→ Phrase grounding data
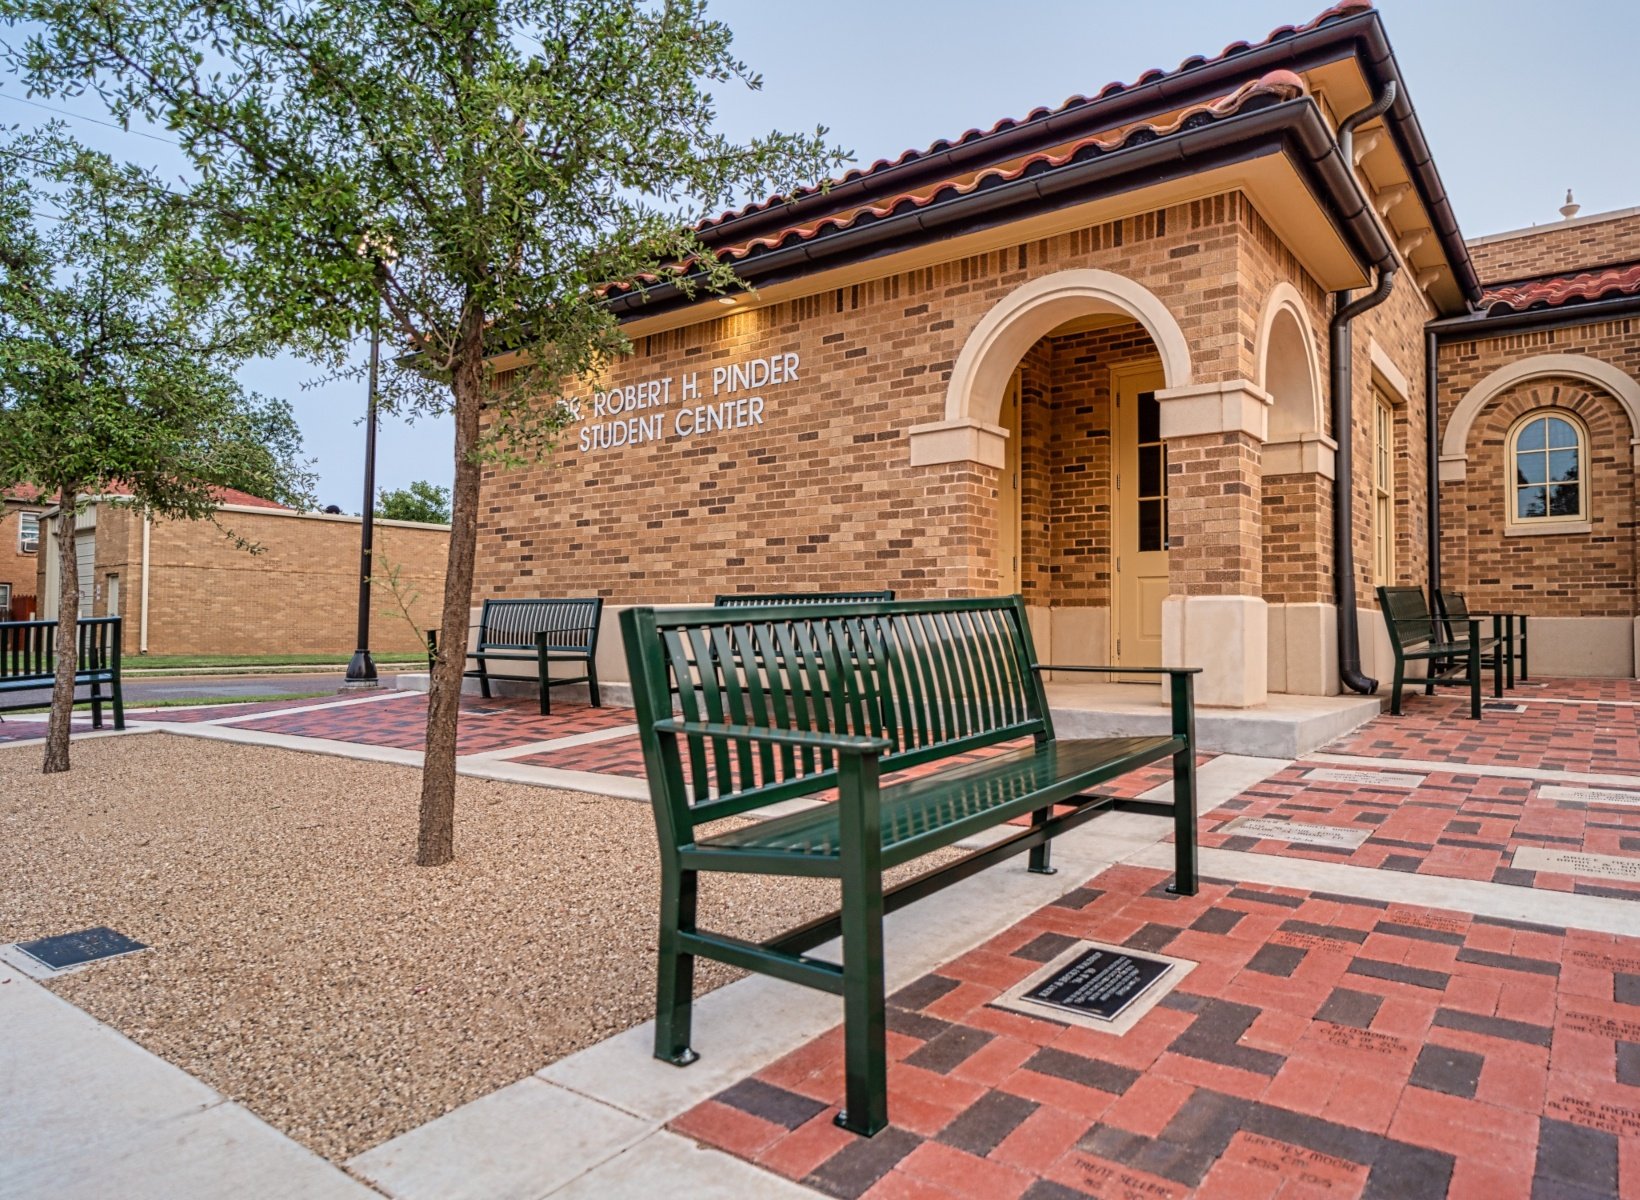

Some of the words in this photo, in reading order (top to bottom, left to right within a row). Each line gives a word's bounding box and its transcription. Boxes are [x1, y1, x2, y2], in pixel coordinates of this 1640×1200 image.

[594, 377, 673, 418] ROBERT
[682, 371, 702, 401] H.
[713, 352, 800, 396] PINDER
[579, 413, 666, 452] STUDENT
[675, 396, 765, 437] CENTER
[1309, 1150, 1359, 1173] MOORE
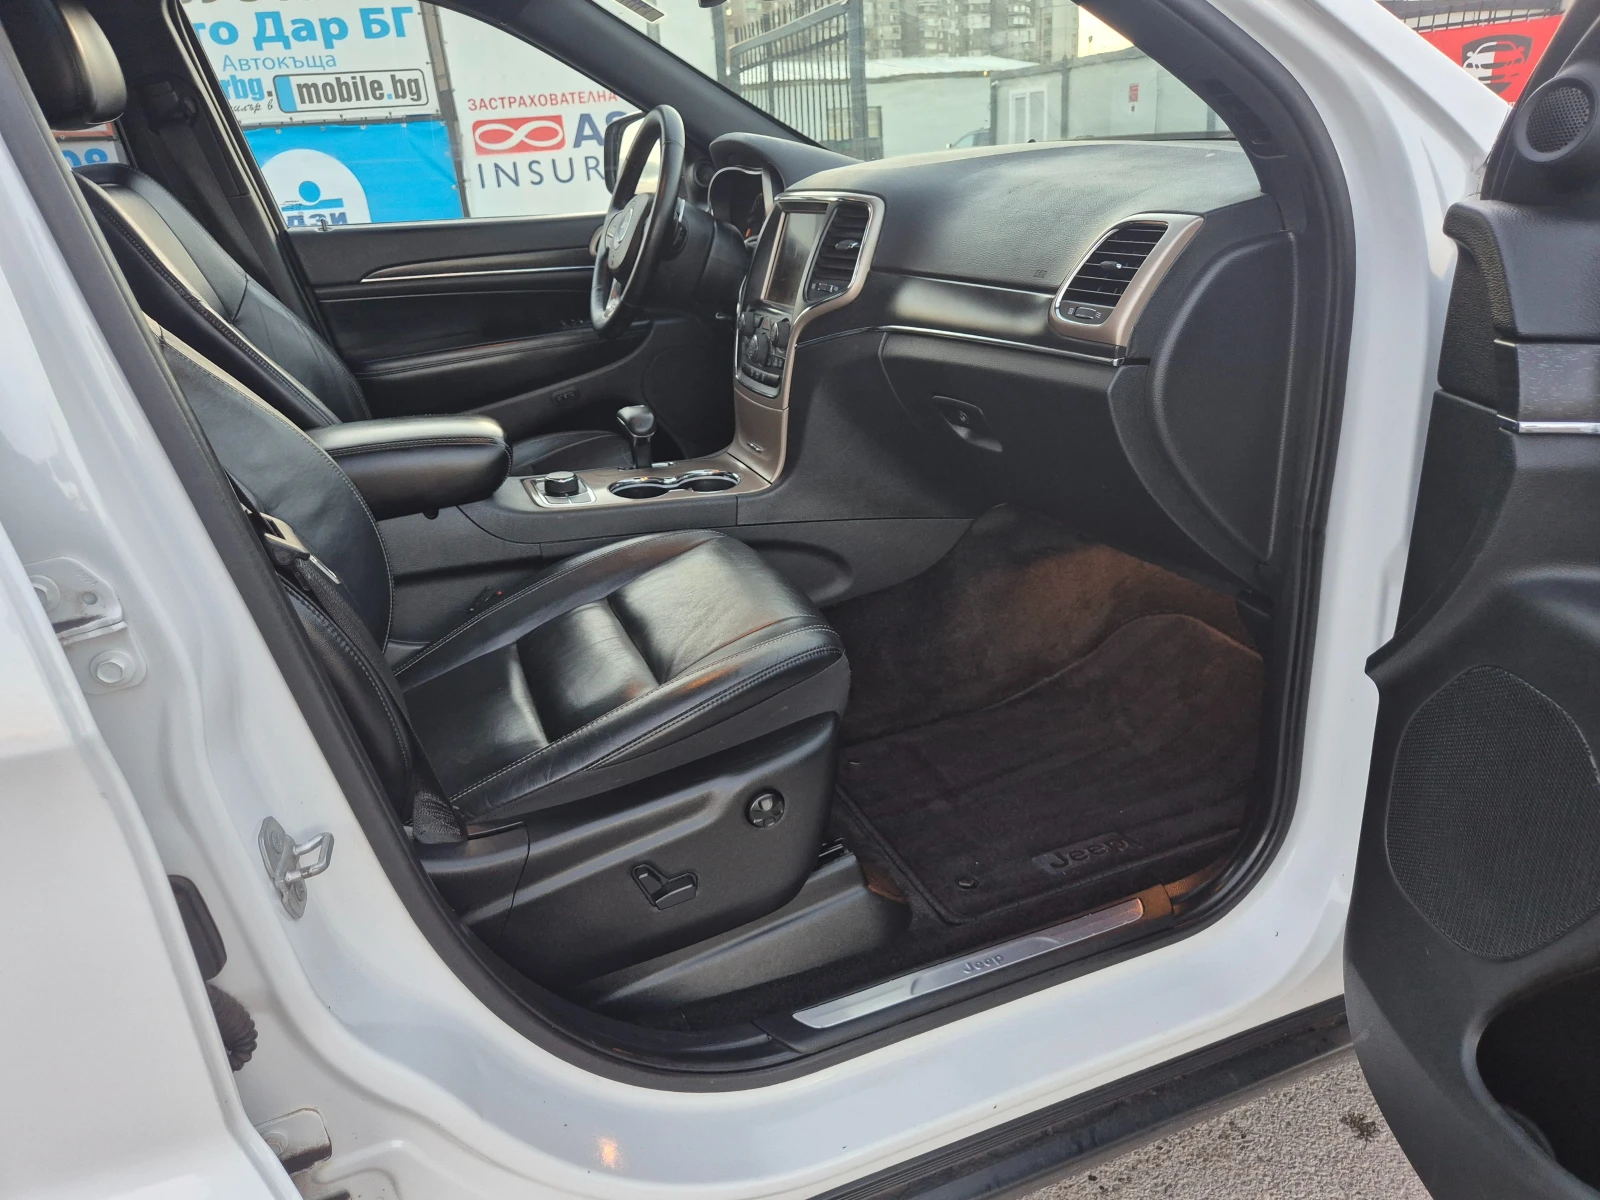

→ REQUIRED WORK
Pictures aside, restate the entries word for word.

→ SOLUTION
Some of the words in this photo, in reading order (top to bottom, left to right within a row). Each line gives a word's bounding box and its transcription. Boxes are [x1, y1, x2, y2], in pixel coordinates of this 1640×1200 image.

[594, 377, 673, 418] ROBERT
[682, 371, 702, 401] H.
[713, 352, 800, 396] PINDER
[579, 413, 666, 452] STUDENT
[675, 396, 765, 437] CENTER
[1309, 1150, 1359, 1173] MOORE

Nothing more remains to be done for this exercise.